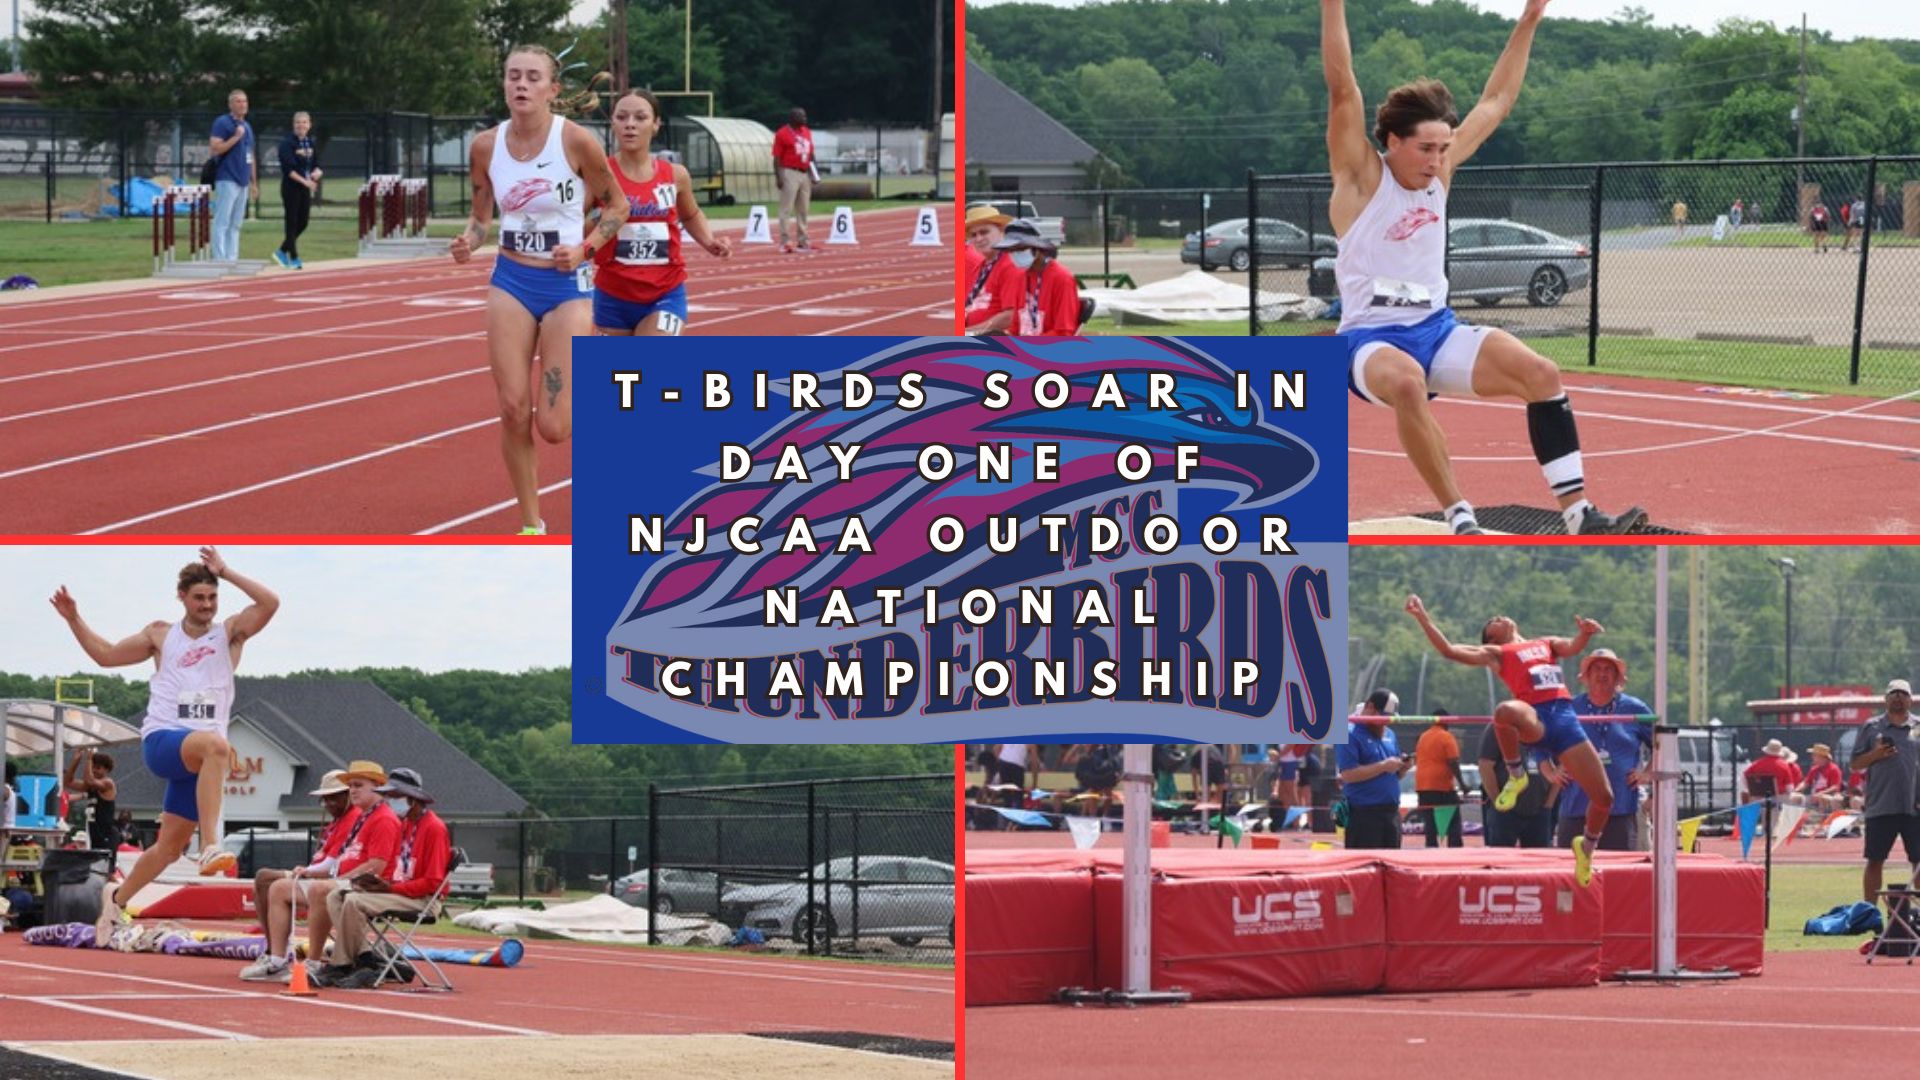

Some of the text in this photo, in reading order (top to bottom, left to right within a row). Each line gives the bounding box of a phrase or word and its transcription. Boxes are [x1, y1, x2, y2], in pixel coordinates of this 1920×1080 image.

[556, 179, 574, 204] 16
[658, 186, 676, 207] 11
[753, 214, 763, 233] 7
[836, 214, 847, 233] 6
[921, 215, 932, 234] 5
[514, 232, 546, 252] 520
[628, 241, 658, 259] 352
[663, 312, 680, 335] 11
[1232, 890, 1322, 923] UCS
[1459, 886, 1542, 913] UCS
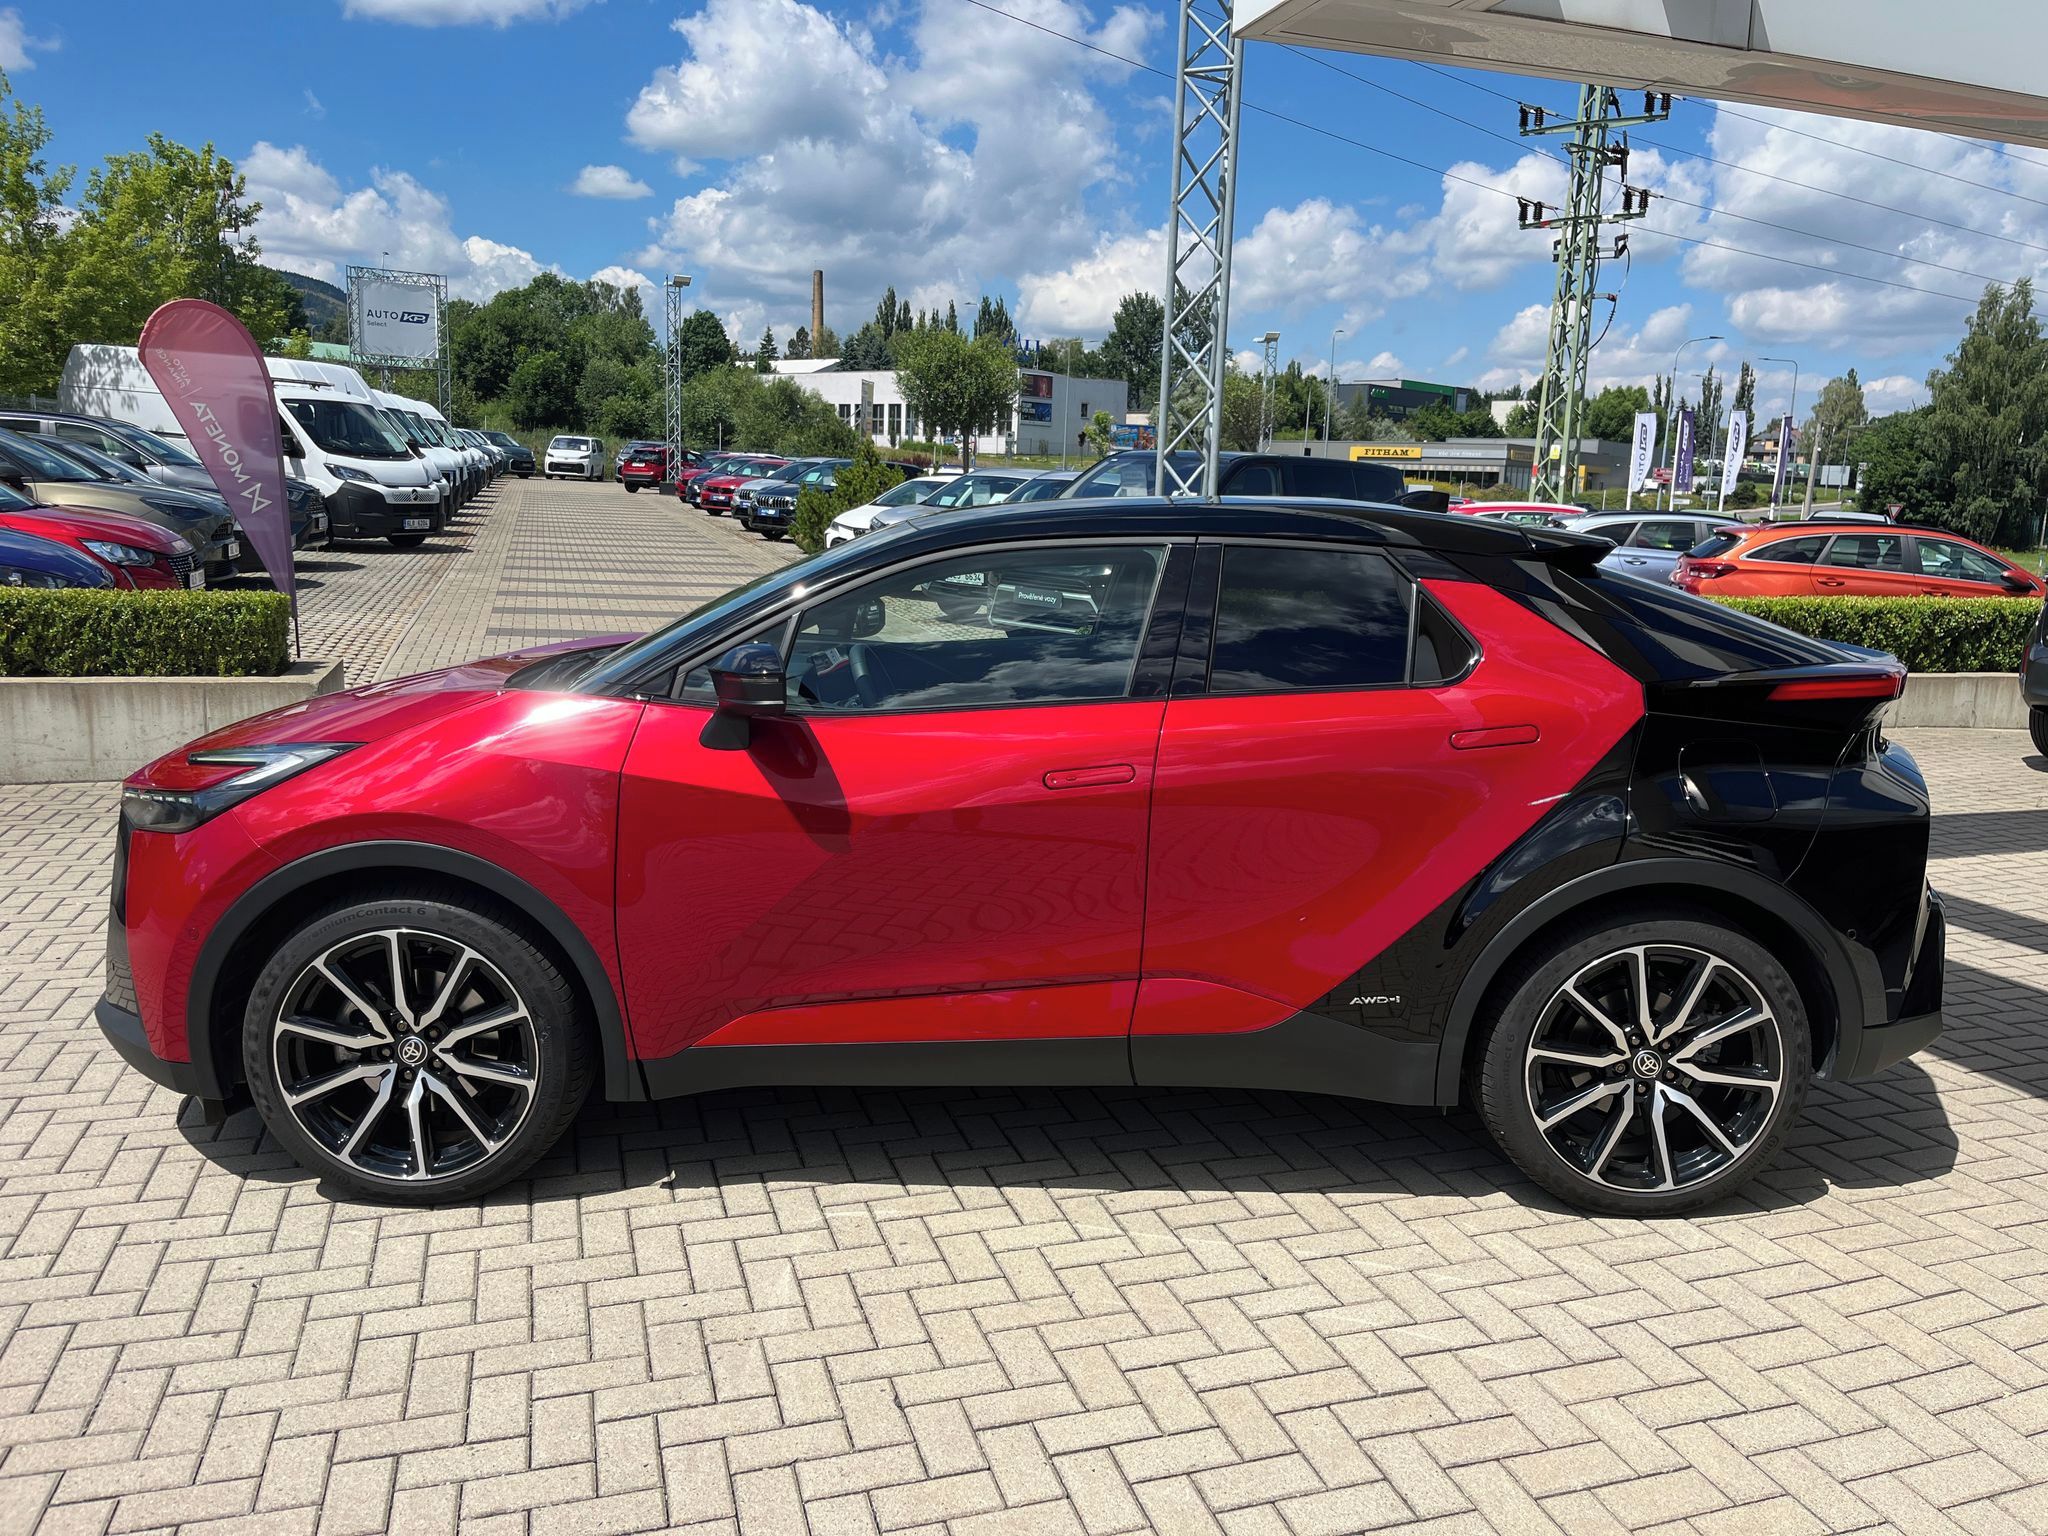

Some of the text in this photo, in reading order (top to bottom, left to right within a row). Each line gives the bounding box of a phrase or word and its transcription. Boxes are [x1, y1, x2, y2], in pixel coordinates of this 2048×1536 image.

[366, 309, 399, 320] AUTO
[1364, 448, 1409, 456] FITHAM
[1044, 596, 1057, 605] vozy
[416, 907, 427, 916] 6
[1350, 995, 1400, 1005] AWD-i

Aim of the task: Reproduce the whole listing exactly, but not the images in it.

Solution to the exercise:
Some of the text in this photo, in reading order (top to bottom, left to right within a row). Each line gives the bounding box of a phrase or word and its transcription. Boxes are [x1, y1, x2, y2], in pixel coordinates of this 1920×1080 image.

[556, 179, 574, 204] 16
[658, 186, 676, 207] 11
[753, 214, 763, 233] 7
[836, 214, 847, 233] 6
[921, 215, 932, 234] 5
[514, 232, 546, 252] 520
[628, 241, 658, 259] 352
[663, 312, 680, 335] 11
[1232, 890, 1322, 923] UCS
[1459, 886, 1542, 913] UCS

Some of the text in this photo, in reading order (top to bottom, left to right within a row). Each line gives the bounding box of a phrase or word and its transcription. Boxes are [x1, y1, x2, y2], in pixel coordinates of this 2048×1536 image.

[366, 309, 399, 320] AUTO
[1364, 448, 1409, 456] FITHAM
[1044, 596, 1057, 605] vozy
[416, 907, 427, 916] 6
[1350, 995, 1400, 1005] AWD-i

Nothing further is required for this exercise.